[Opening DATA FOR THIS TASK section]

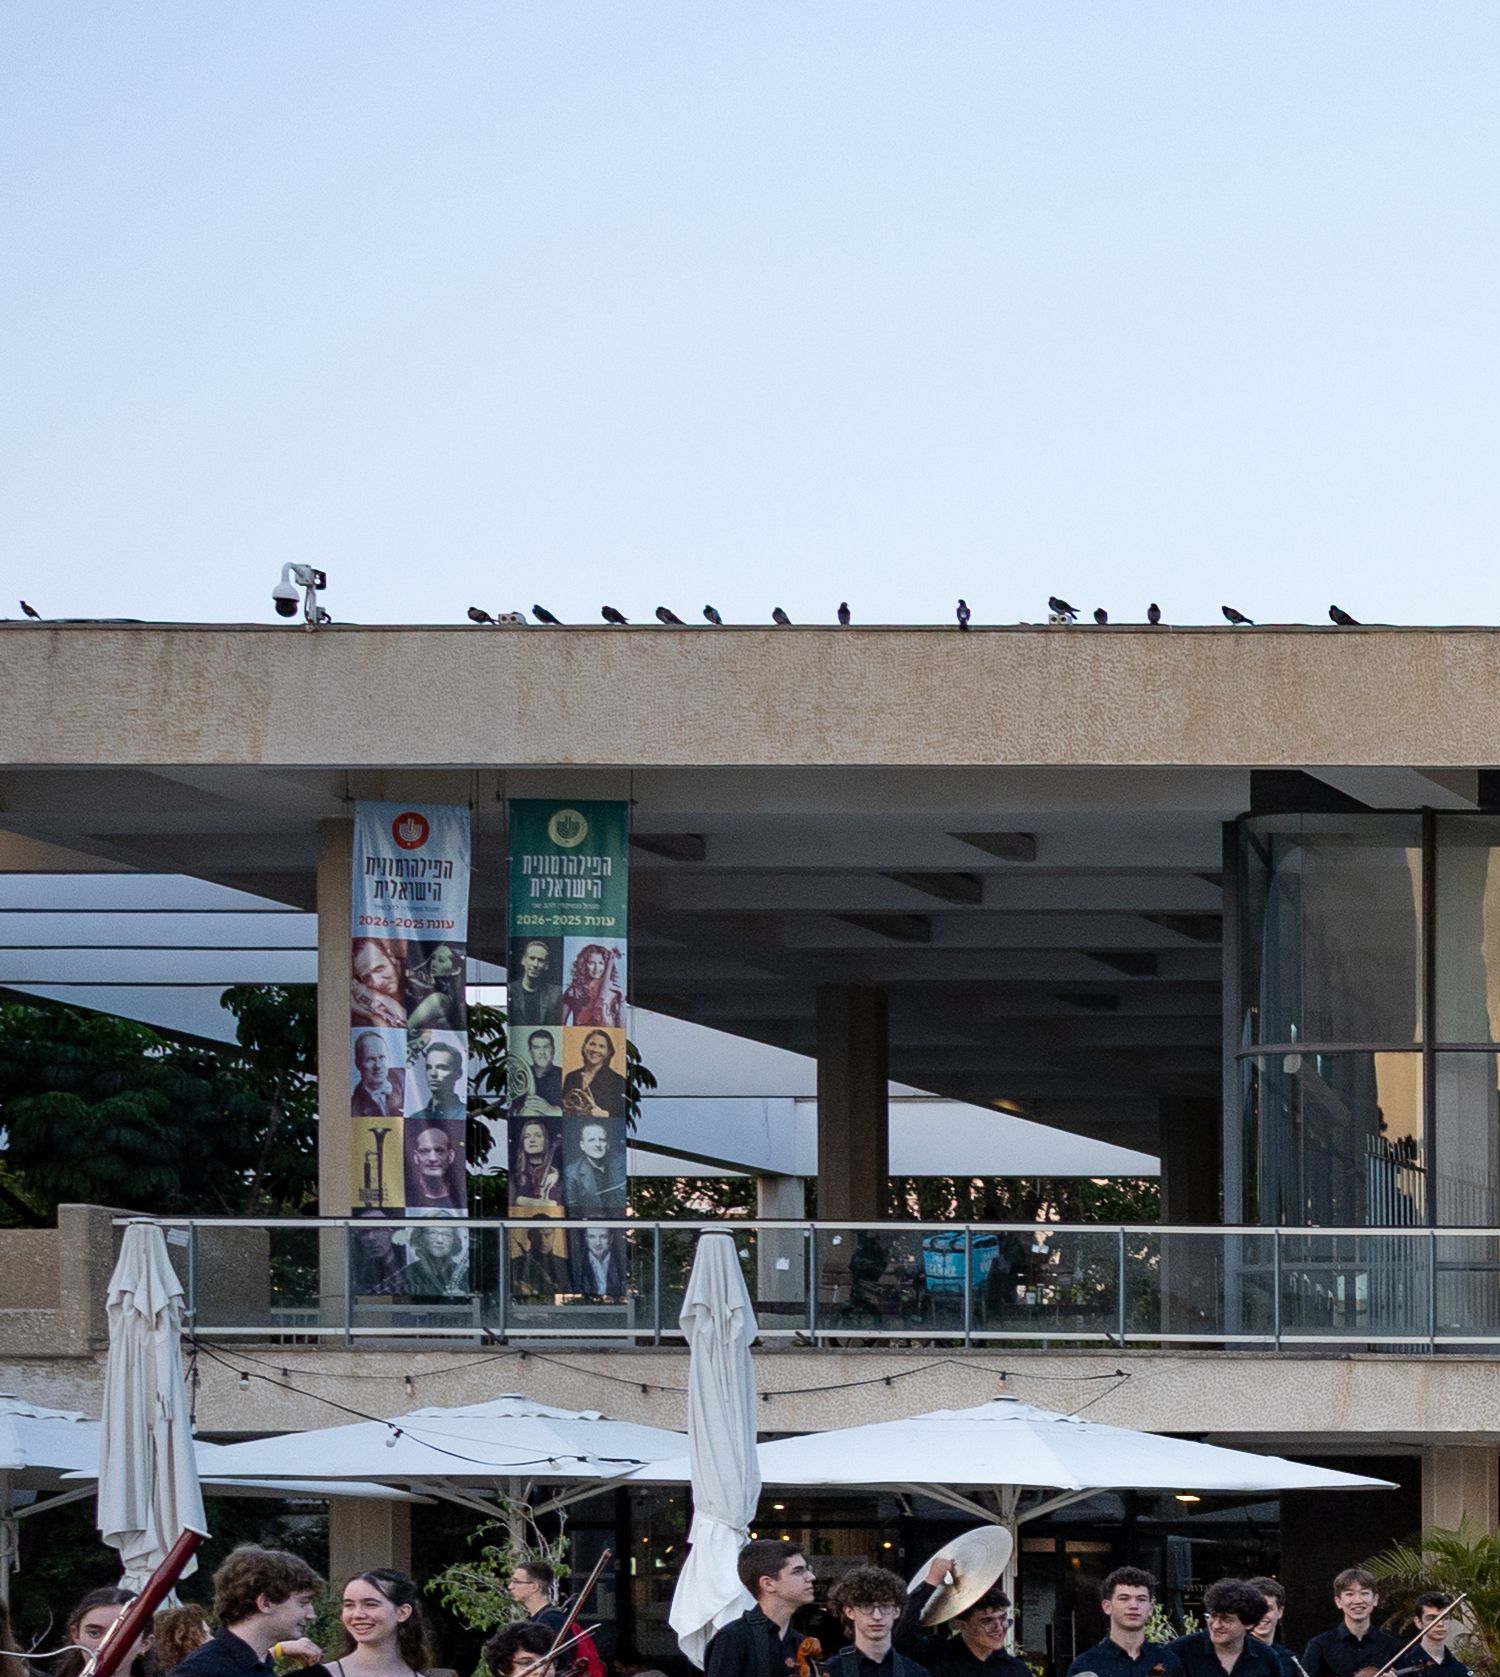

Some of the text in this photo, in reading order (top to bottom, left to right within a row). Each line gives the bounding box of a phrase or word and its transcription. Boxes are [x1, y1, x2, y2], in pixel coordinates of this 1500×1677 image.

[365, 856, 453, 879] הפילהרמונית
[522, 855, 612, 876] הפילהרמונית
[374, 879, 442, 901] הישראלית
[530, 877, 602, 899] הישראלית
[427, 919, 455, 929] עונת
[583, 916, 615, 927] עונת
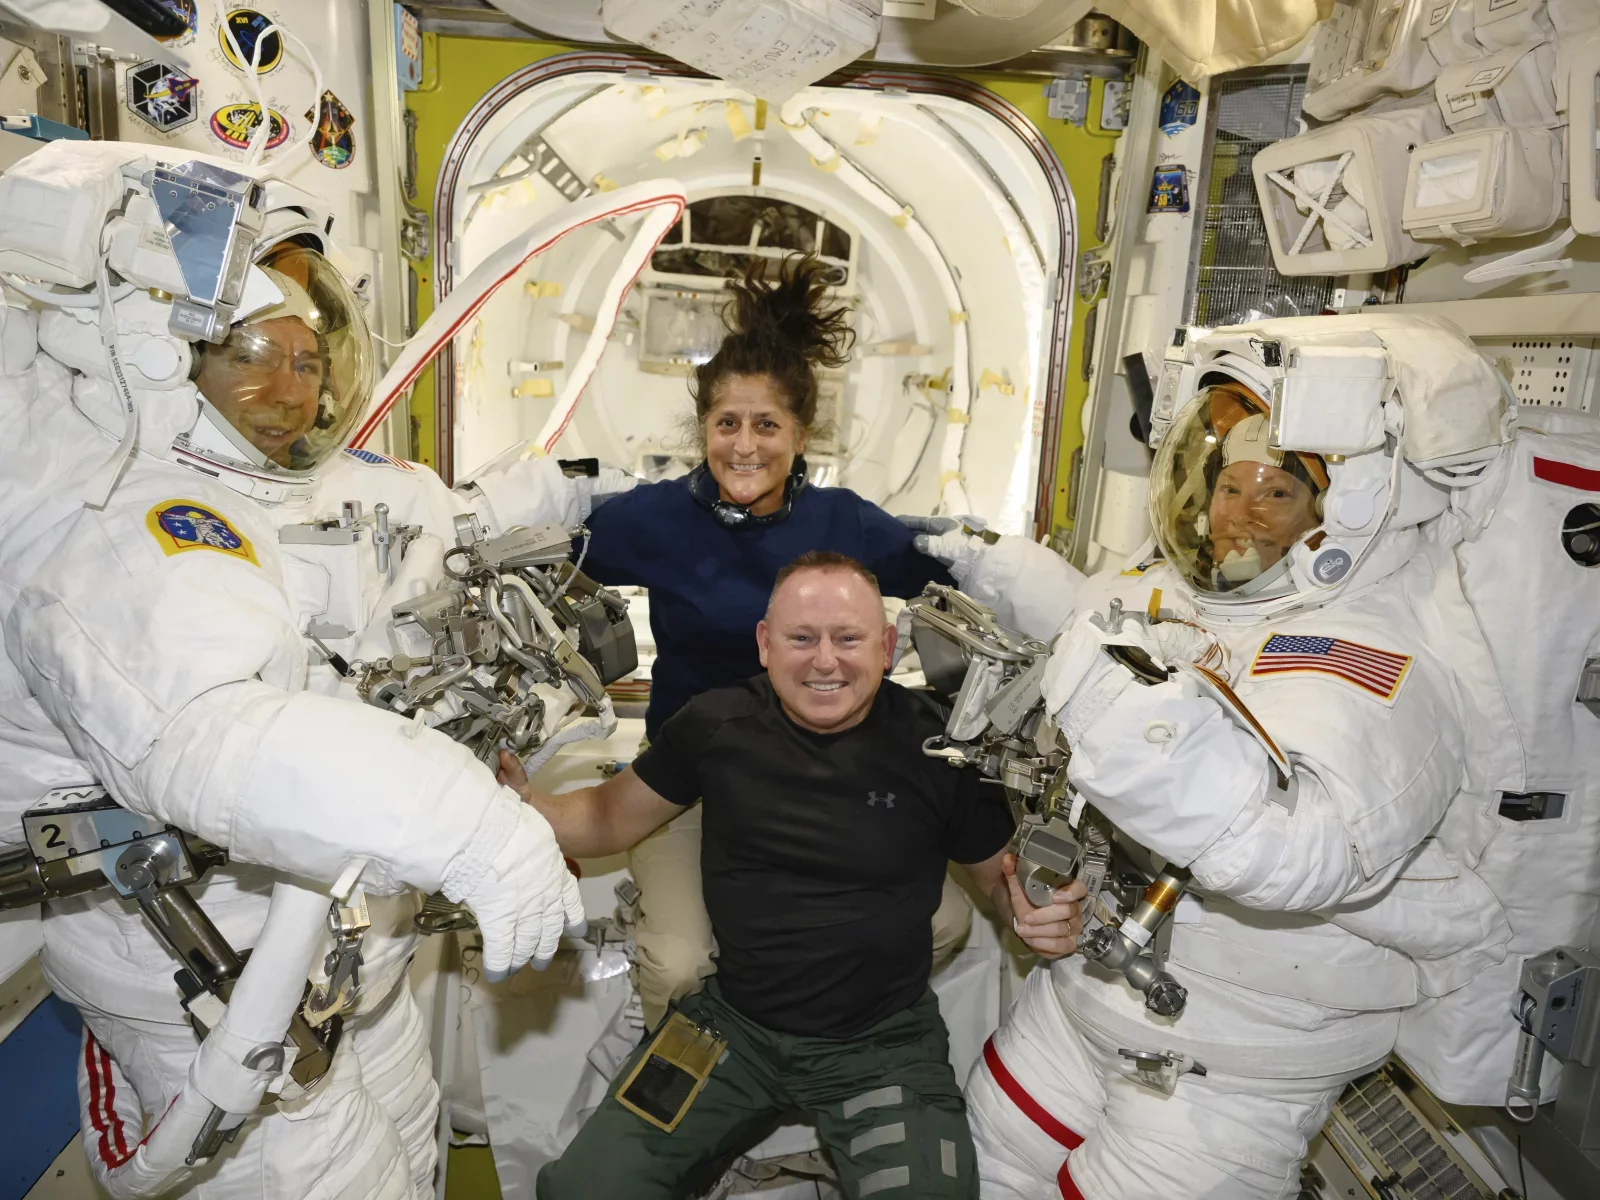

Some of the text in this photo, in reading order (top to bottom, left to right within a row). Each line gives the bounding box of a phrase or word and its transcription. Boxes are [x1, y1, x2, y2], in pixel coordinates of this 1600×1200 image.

[Closing DATA FOR THIS TASK section]

What is needed is an exact copy of every entry, with the pictures removed.

- _ANSWER BELOW_
Some of the text in this photo, in reading order (top to bottom, left to right within a row). Each line gives the bounding box of a phrase or word and its transcription. Boxes are [x1, y1, x2, y2], in pixel coordinates of this 1500×1677 image.

[365, 856, 453, 879] הפילהרמונית
[522, 855, 612, 876] הפילהרמונית
[374, 879, 442, 901] הישראלית
[530, 877, 602, 899] הישראלית
[427, 919, 455, 929] עונת
[583, 916, 615, 927] עונת

Some of the text in this photo, in reading order (top to bottom, left to right within a row). Each line gives the bounding box of a phrase or word and its transcription. Boxes are [x1, y1, x2, y2], in pixel coordinates of this 1600×1200 image.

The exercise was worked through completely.